El inicio de la guerra

No es que Miguel Ángel Beltrán Lugo, “el Ceja Güera”, fuera pieza menor. Pero cuando llegó al penal de La Palma, Estado de México, el 23 de junio de 1992, iba ya muy mermado, cansado y sin dinero, dicen, después de años de andar a salto de mata, de rodar sin domicilio fijo. Lo trasladaron del penal de Puente Grande, Jalisco, con varias sentencias a cuestas que sumaban dieciocho años, apenas por cumplir, por dieciséis procesos penales: desde secuestro, asociación delictuosa, asalto con violencia, robo de autos y evasión, hasta homicidio y acopio de armas de uso exclusivo del Ejército. Su fuerte, en el pasado, habían sido los bancos, el secuestro y los asaltos. El narcotráfico era una actividad colateral para él, y no su principal fuente de ingresos, a pesar de haber nacido en San Pablo Mochobampo, cerca de Sinaloa de Leyva, tierra de jefes.

Por eso a muchos extrañó que doce años después, cuando lo mataron, ya fuera un patrón encumbrado. El respeto, la posición y el dinero se los ganó, por consiguiente, desde las celdas. Y de qué manera: a su funeral fueron, según los reportes de prensa, varios líderes y candidatos del Partido Acción Nacional sinaloense, como Saúl Rubio Ayala, Wilfredo Véliz y Heriberto Félix Guerra. “Mi amistad es una amistad sincera, solidaria; y máxime que esta gente coincide con nuestro proyecto”, dijo Rubio Ayala cuando los medios cuestionaron su presencia. “Vamos a ver cuáles son, el porqué de este tipo de nexos.
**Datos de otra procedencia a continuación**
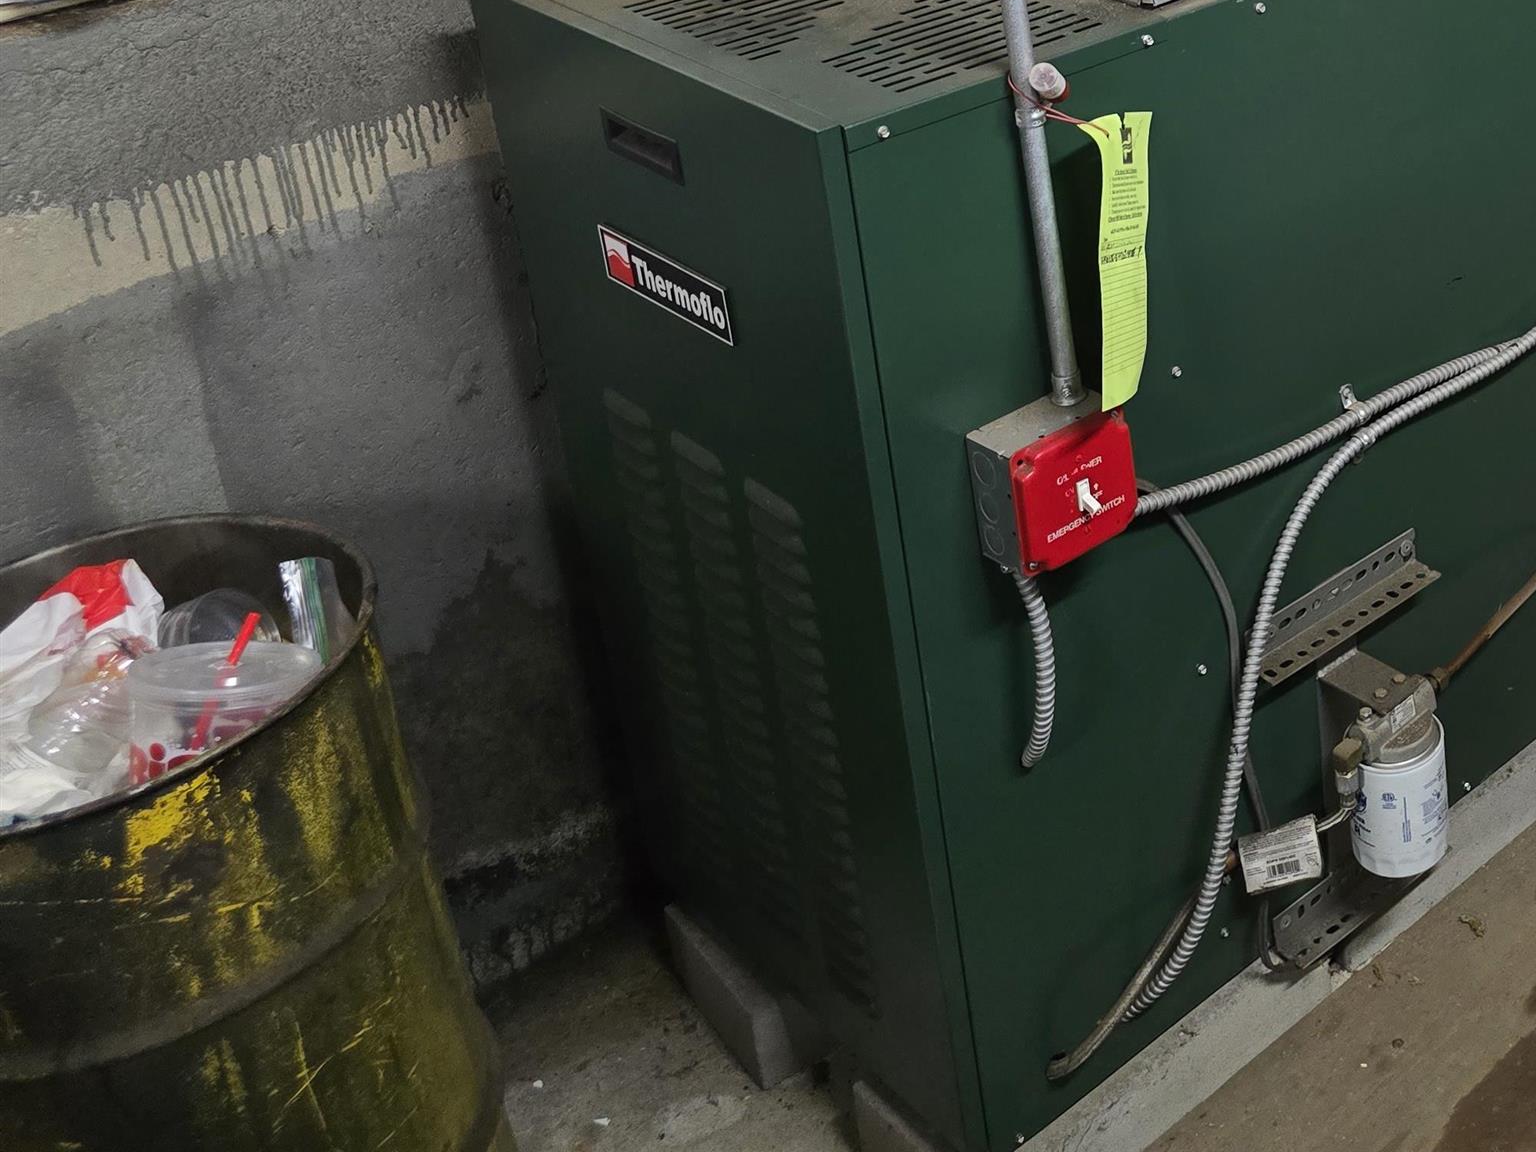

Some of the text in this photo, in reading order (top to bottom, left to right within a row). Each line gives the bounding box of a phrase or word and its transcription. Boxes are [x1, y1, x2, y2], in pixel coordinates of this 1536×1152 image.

[631, 254, 726, 330] Thermoflo
[1047, 494, 1126, 543] EMERGENCY SWITCH
Para la investigación siempre es importante indagar qué está ocurriendo en ese entorno, y cuando ciertos personajes de repente se aparecen, debemos definir los motivos de su presencia”, dijo, cantinfleando, el entonces procurador general de la República, Rafael Macedo de la Concha, días después de que la televisión difundiera las imágenes de los panistas en el sepelio del Ceja Güera. “Queremos entender que es dar un pésame, queremos entenderlo así”, agregó. Nadie sabe en qué quedó su famosa investigación.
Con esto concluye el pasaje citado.